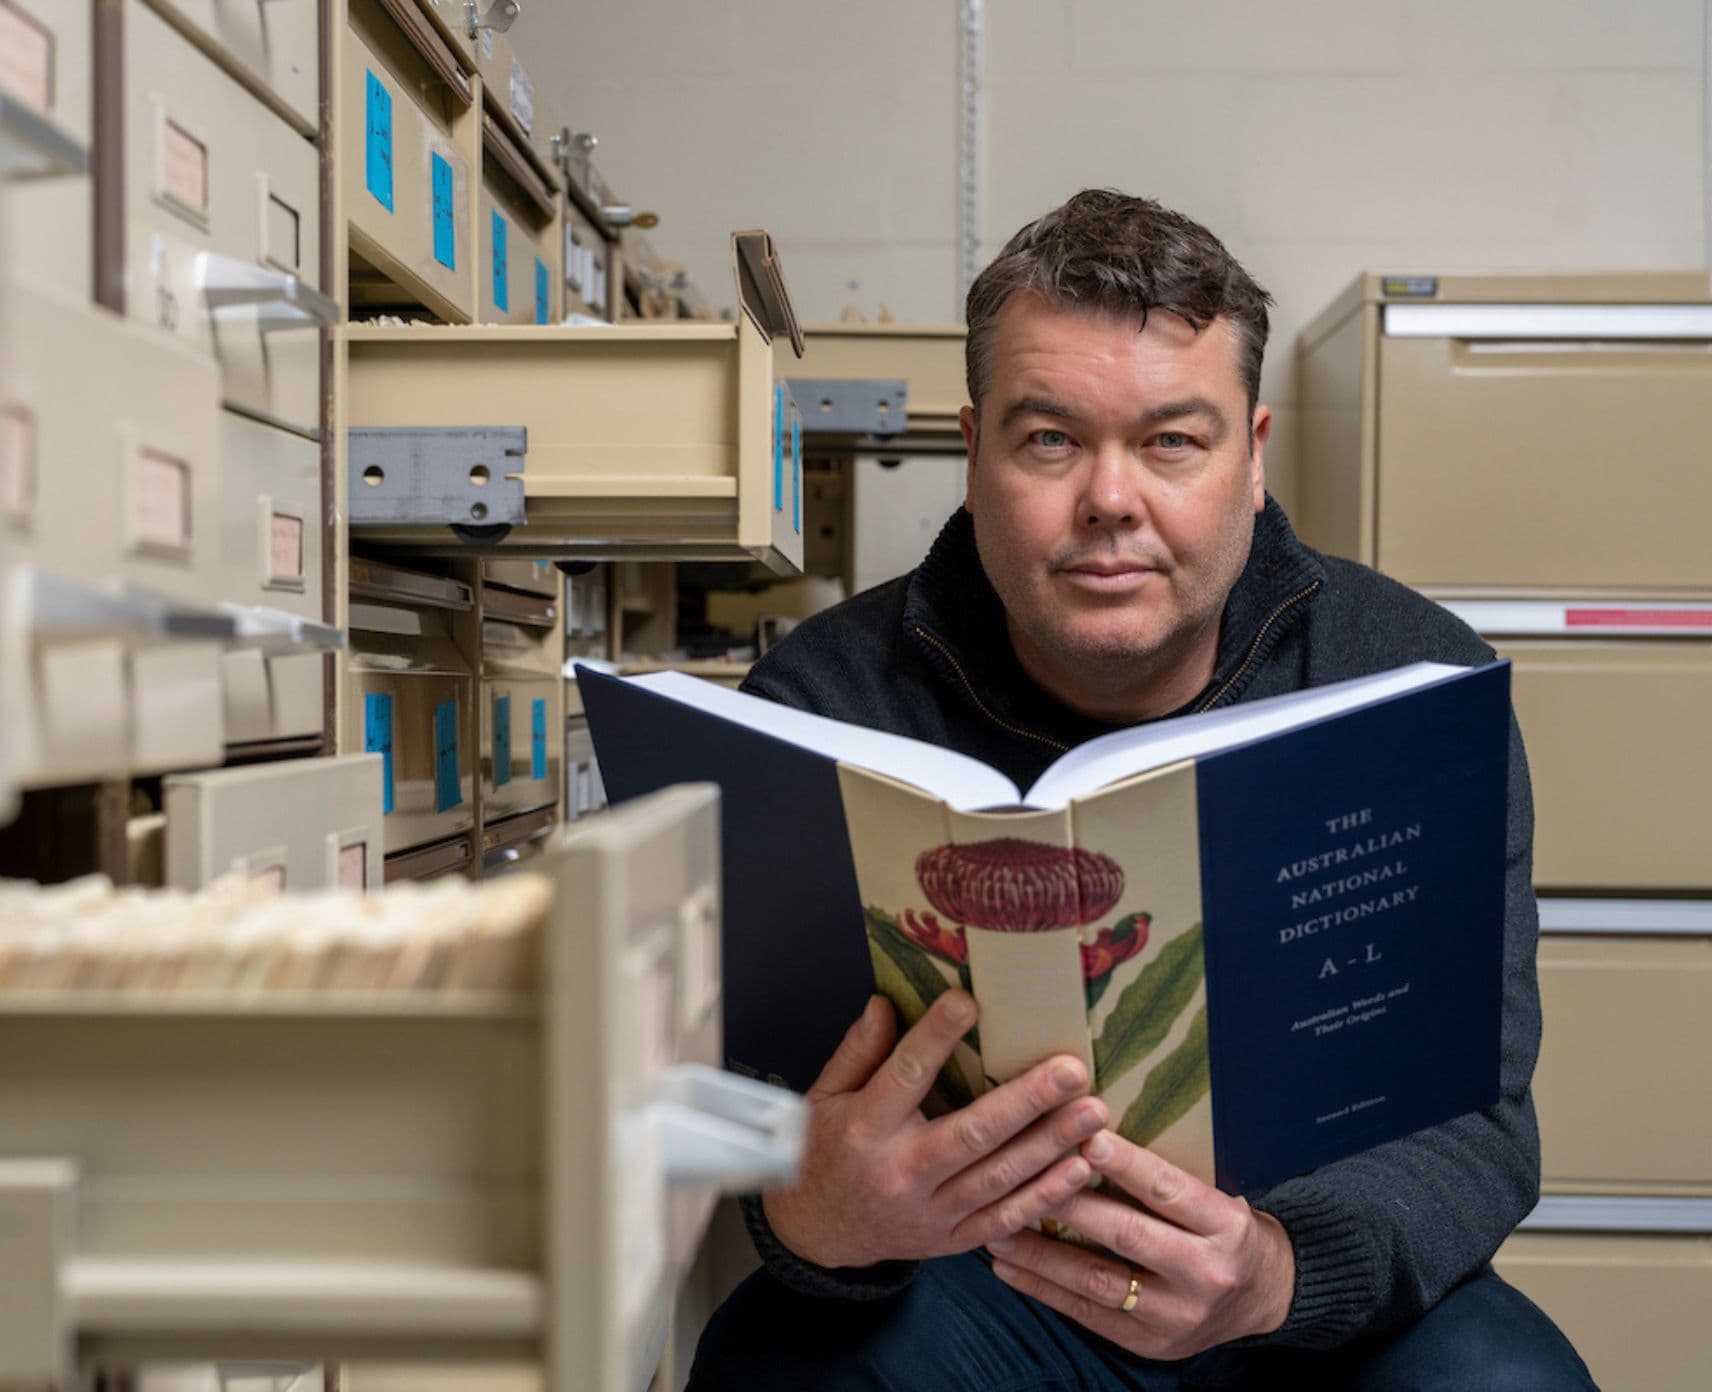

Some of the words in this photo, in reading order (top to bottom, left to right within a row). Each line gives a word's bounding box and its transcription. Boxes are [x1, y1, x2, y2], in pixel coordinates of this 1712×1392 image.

[1325, 808, 1372, 834] THE
[1276, 824, 1422, 883] AUSTRALIAN
[1291, 860, 1408, 909] NATIONAL
[1279, 886, 1420, 944] DICTIONARY
[1318, 958, 1339, 979] A
[1365, 943, 1383, 963] L
[1290, 1006, 1349, 1032] Australian
[1352, 992, 1386, 1010] Words
[1387, 983, 1410, 998] and
[1314, 1020, 1344, 1037] Their
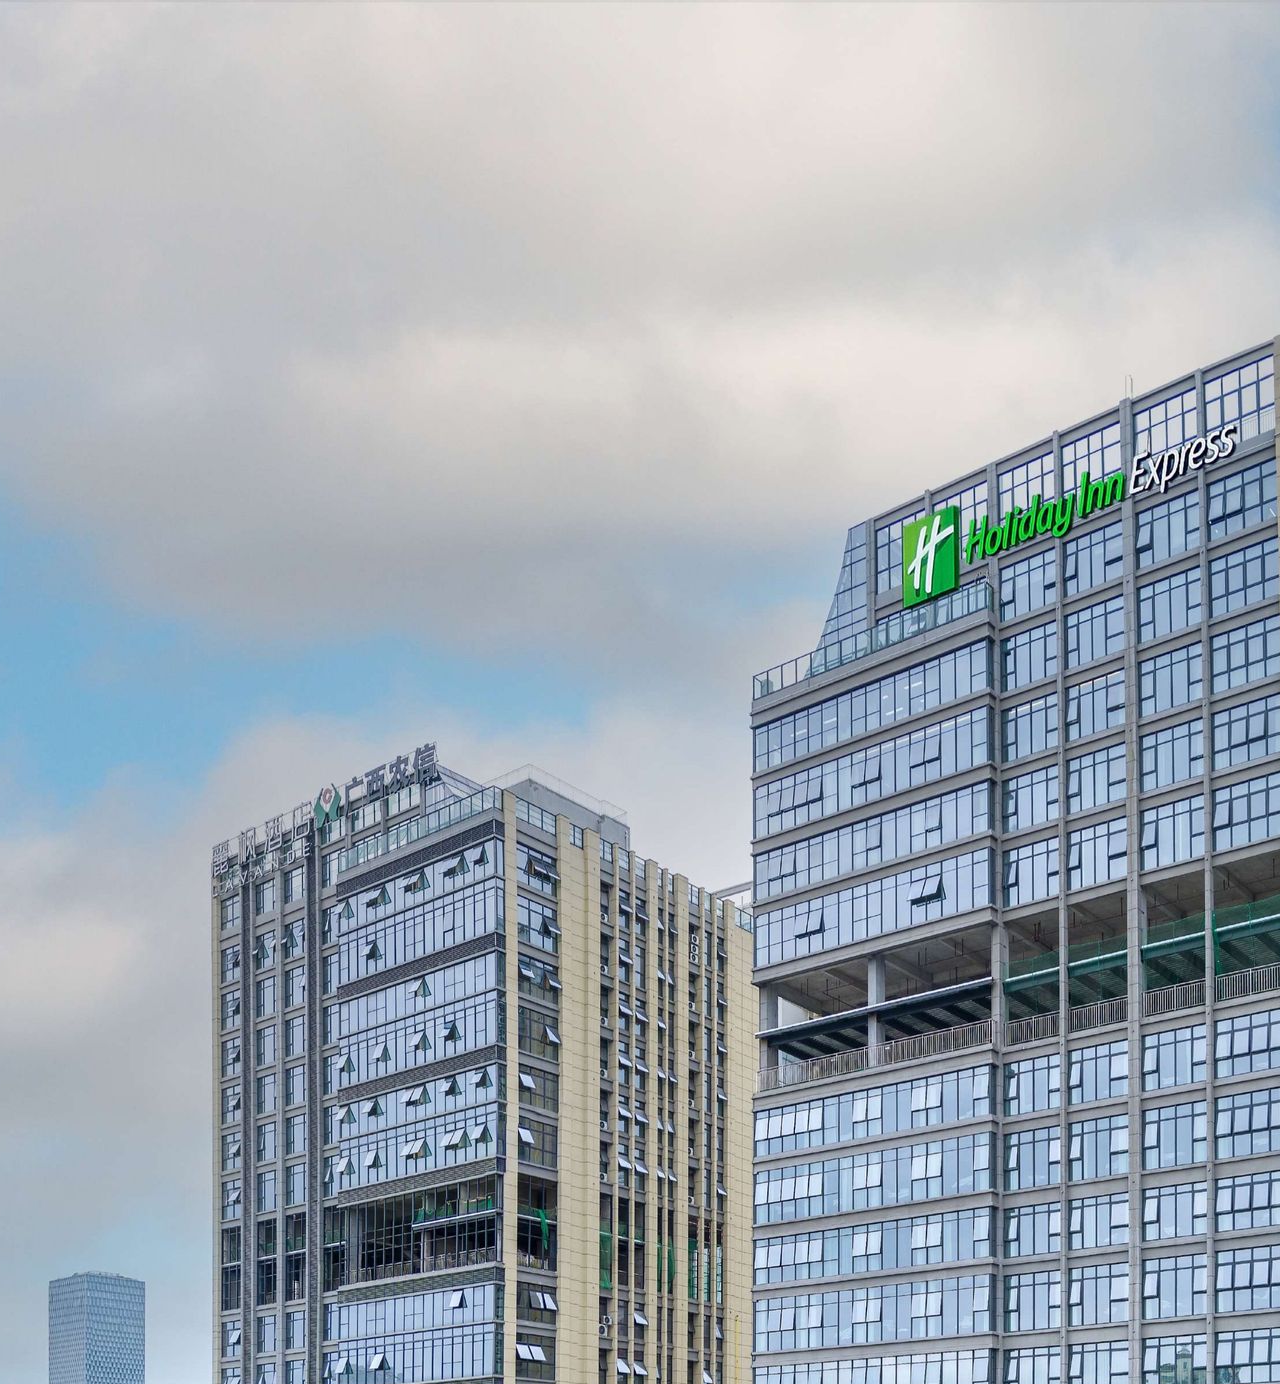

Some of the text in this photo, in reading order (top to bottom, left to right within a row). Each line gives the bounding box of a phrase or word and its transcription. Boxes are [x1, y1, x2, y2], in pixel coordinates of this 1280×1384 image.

[964, 493, 1074, 564] Holiday
[1077, 470, 1127, 518] Inn
[1129, 425, 1237, 495] Express
[345, 743, 438, 815] 广西农信
[212, 842, 313, 898] LAVANDE
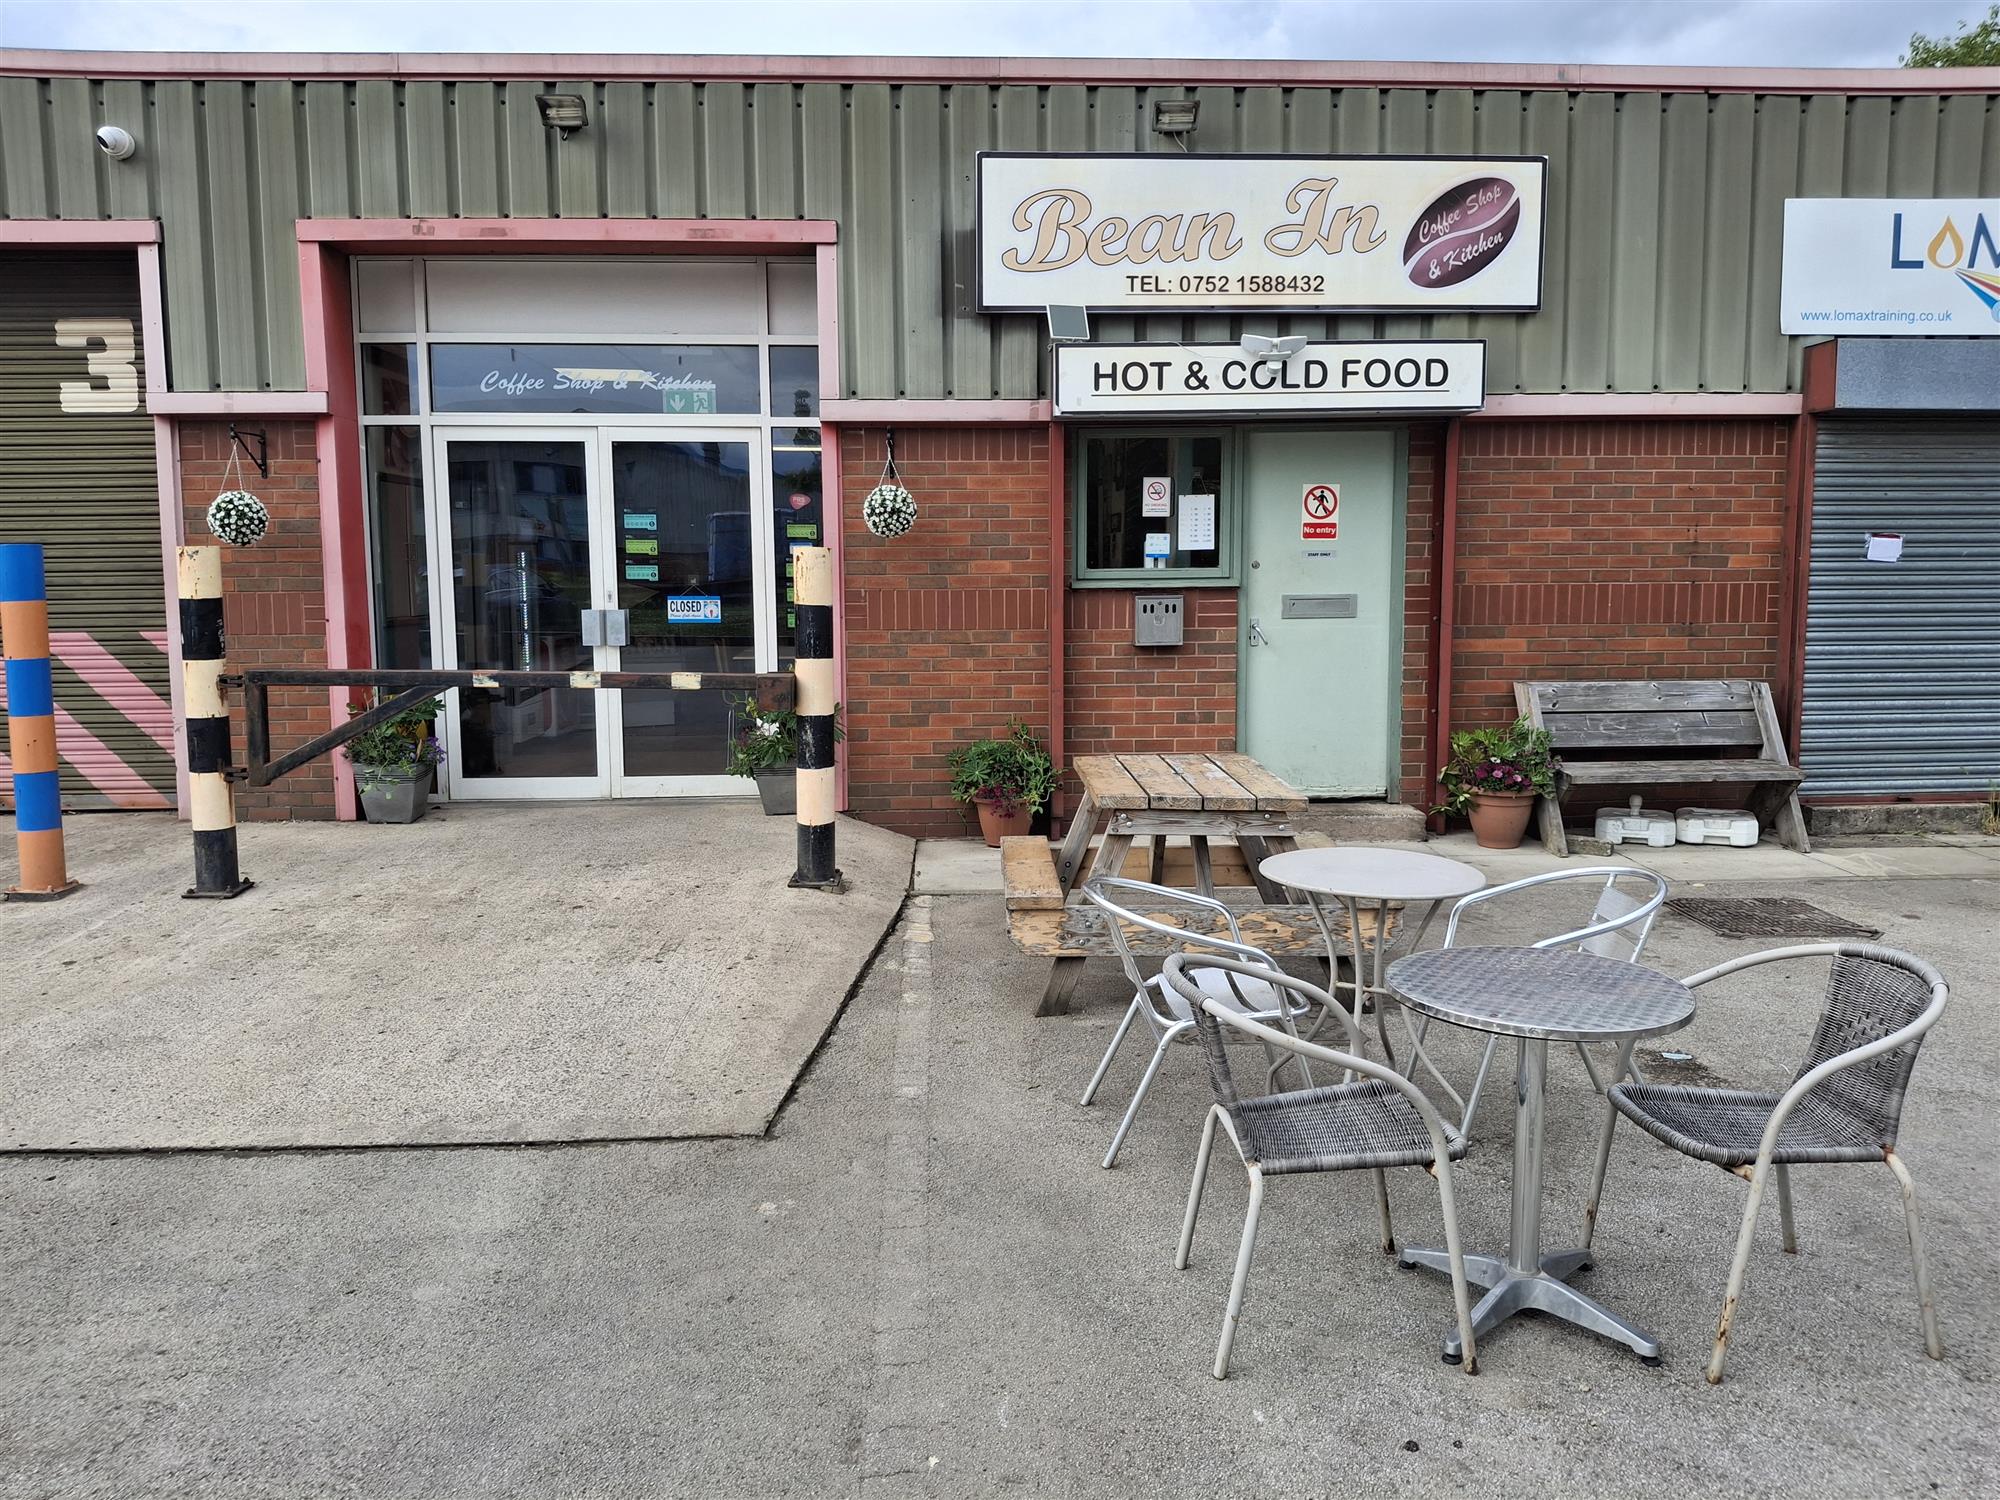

------------------------------------------------

● **Problem statement**:
Pictures are to be left out; everything else in the records gets retyped exactly.

● **Output for this exercise**:
Some of the words in this photo, in reading order (top to bottom, left to right within a row). Each line gives a word's bounding box and its transcription. Boxes are [x1, y1, x2, y2], in pixel coordinates of this 1712×1392 image.

[1325, 808, 1372, 834] THE
[1276, 824, 1422, 883] AUSTRALIAN
[1291, 860, 1408, 909] NATIONAL
[1279, 886, 1420, 944] DICTIONARY
[1318, 958, 1339, 979] A
[1365, 943, 1383, 963] L
[1290, 1006, 1349, 1032] Australian
[1352, 992, 1386, 1010] Words
[1387, 983, 1410, 998] and
[1314, 1020, 1344, 1037] Their

Some of the text in this photo, in reading order (top to bottom, left to right within a row). Each line gives the bounding box of a phrase or word and its transcription. Boxes are [x1, y1, x2, y2], in pixel coordinates of this 1280×1384 image.

[964, 493, 1074, 564] Holiday
[1077, 470, 1127, 518] Inn
[1129, 425, 1237, 495] Express
[345, 743, 438, 815] 广西农信
[212, 842, 313, 898] LAVANDE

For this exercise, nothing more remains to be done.